• Freiheit der Wahl

  • „„Jedenfalls bin ich der Meinung, dass eine wahre und innere Freiheit nicht gegeben werden kann; sie kann nicht sein; sie kann nicht einmal erobert werden sie kann nur jeder in sich selbst aufbauen als Teil der Persönlichkeit und sie kann deshalb nicht verloren werden (…) Die Freiheit der Wahl führt zur Würde des Menschen.“

    — Montessori
  • Der Grundsatz der „„Freiheit“ hat in der Montessori-Pädagogik einen wichtigen Stellenwert. Maria Montessori sagt, dass Freiheit nichts ist, was von außen kommt, wahre innere Freiheit kann somit nicht gegeben werden. Sie kann nur als Teil der Persönlichkeit in jedem selbst aufgebaut werden. Um Freiheit aber wirklich leben zu können, ist es notwendig, dass Kinder wissen, wie weit sie gehen und was sie sich selbst zutrauen können. Das bedeutet, dass sie Meister ihrer selbst werden. Freiheit kann dann entstehen, wenn das Kind gelernt hat, mit dem eigenen Willen umzugehen und Selbstdisziplin in sich aufbauen konnte. Dies geschieht, indem es langsam auf die Möglichkeiten mit dem Entwicklungmaterial umzugehen, herangeführt wird. Mit zunehmenden Fähigkeiten erweitert sich auf diese Weise der Entscheidungsfreiraum.

    Wie wir das leben:

    Die Kinder können in unserem Kinderhaus viele Entscheidungen treffen.

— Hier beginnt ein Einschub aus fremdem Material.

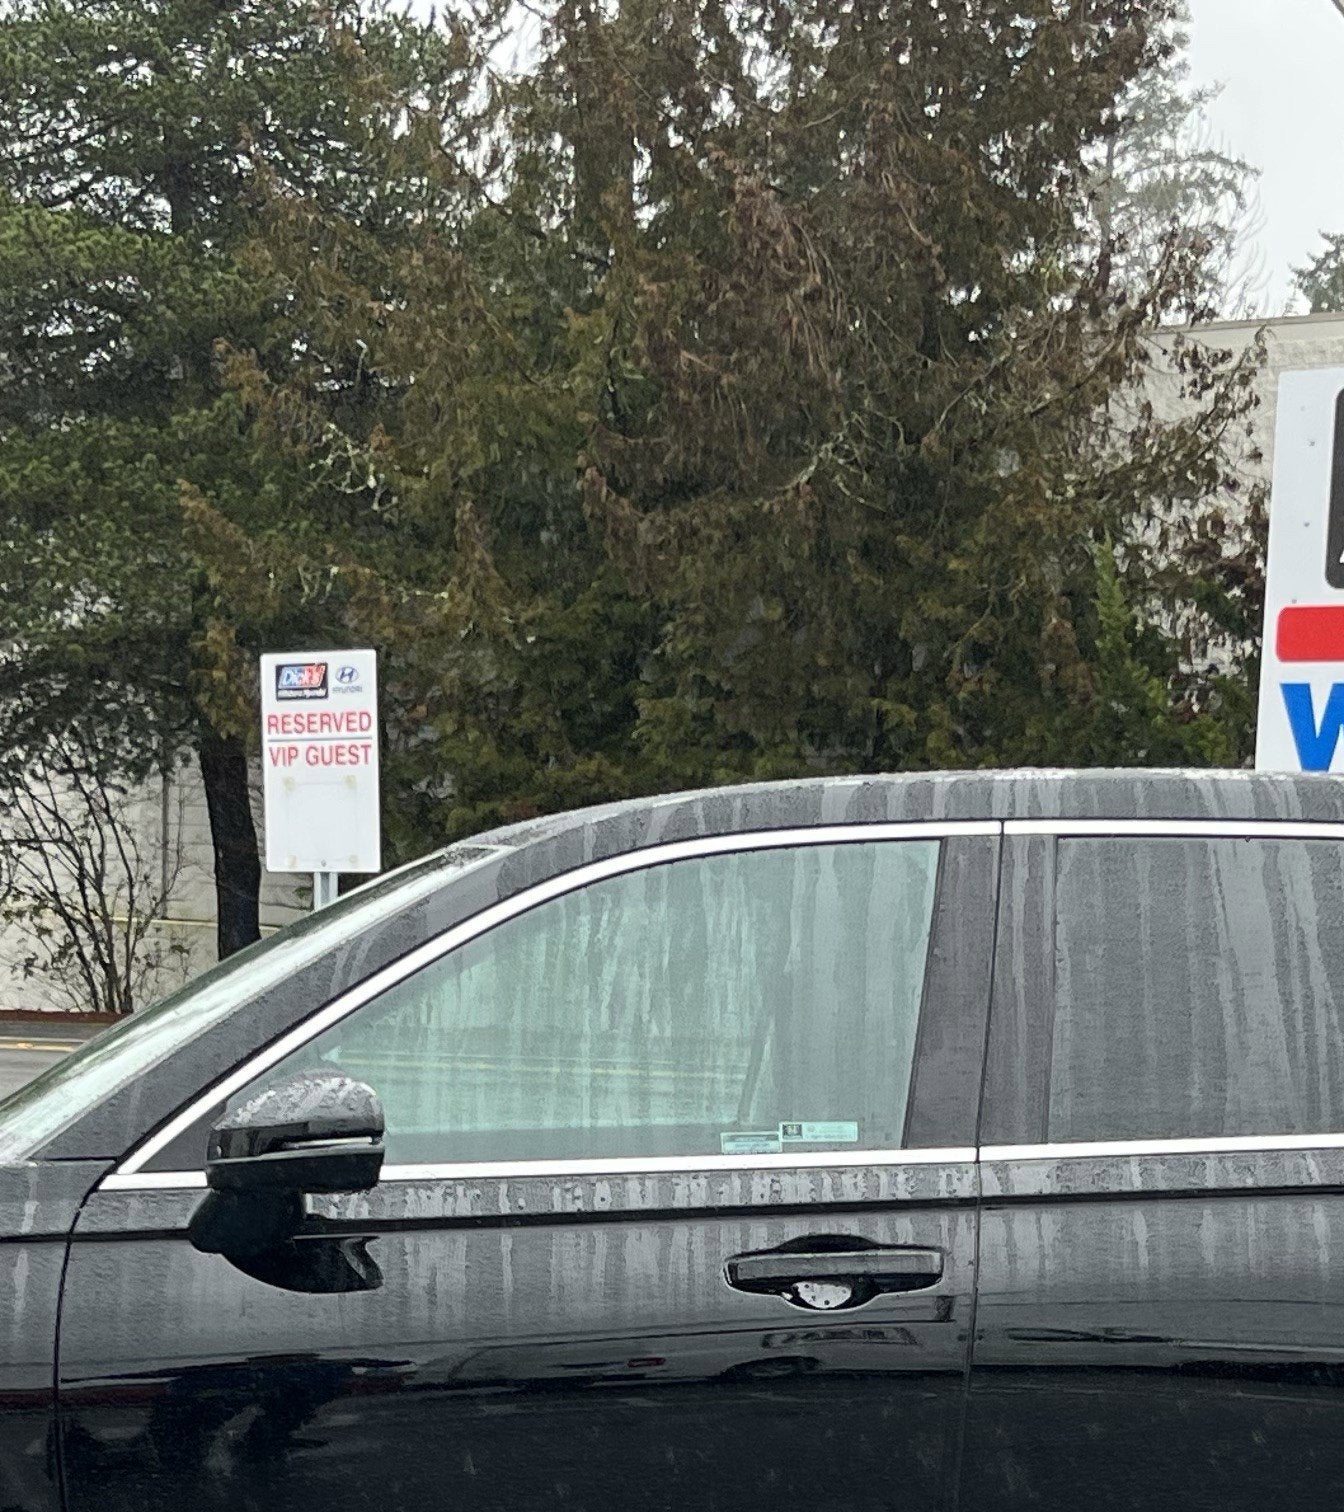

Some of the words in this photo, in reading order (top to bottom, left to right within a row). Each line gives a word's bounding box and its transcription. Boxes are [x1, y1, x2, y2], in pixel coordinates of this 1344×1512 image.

Jedoch achten wir darauf, dass es Entscheidungen sind, für die sie dann auch die Verantwortung tragen können und die sie nicht überfordern. So ist es ihnen möglich, zu wählen, ob sie mit auf den Spielplatz gehen möchten oder den Nachmittag lieber im Haus verbringen wollen, ob sie lieber alleine oder mit einem Freund einer Tätigkeit nachgehen, ob sie lieber beobachten oder  bei einem Angebot mitmachen möchten. Wir sind der Meinung, dass ein gewisser Entscheidungsfreiraum zu einer Entwicklung führt, die den Kindern Selbstvertrauen gibt und sie zu selbstständig denkenden und handelnden Menschen heranwachsen lässt.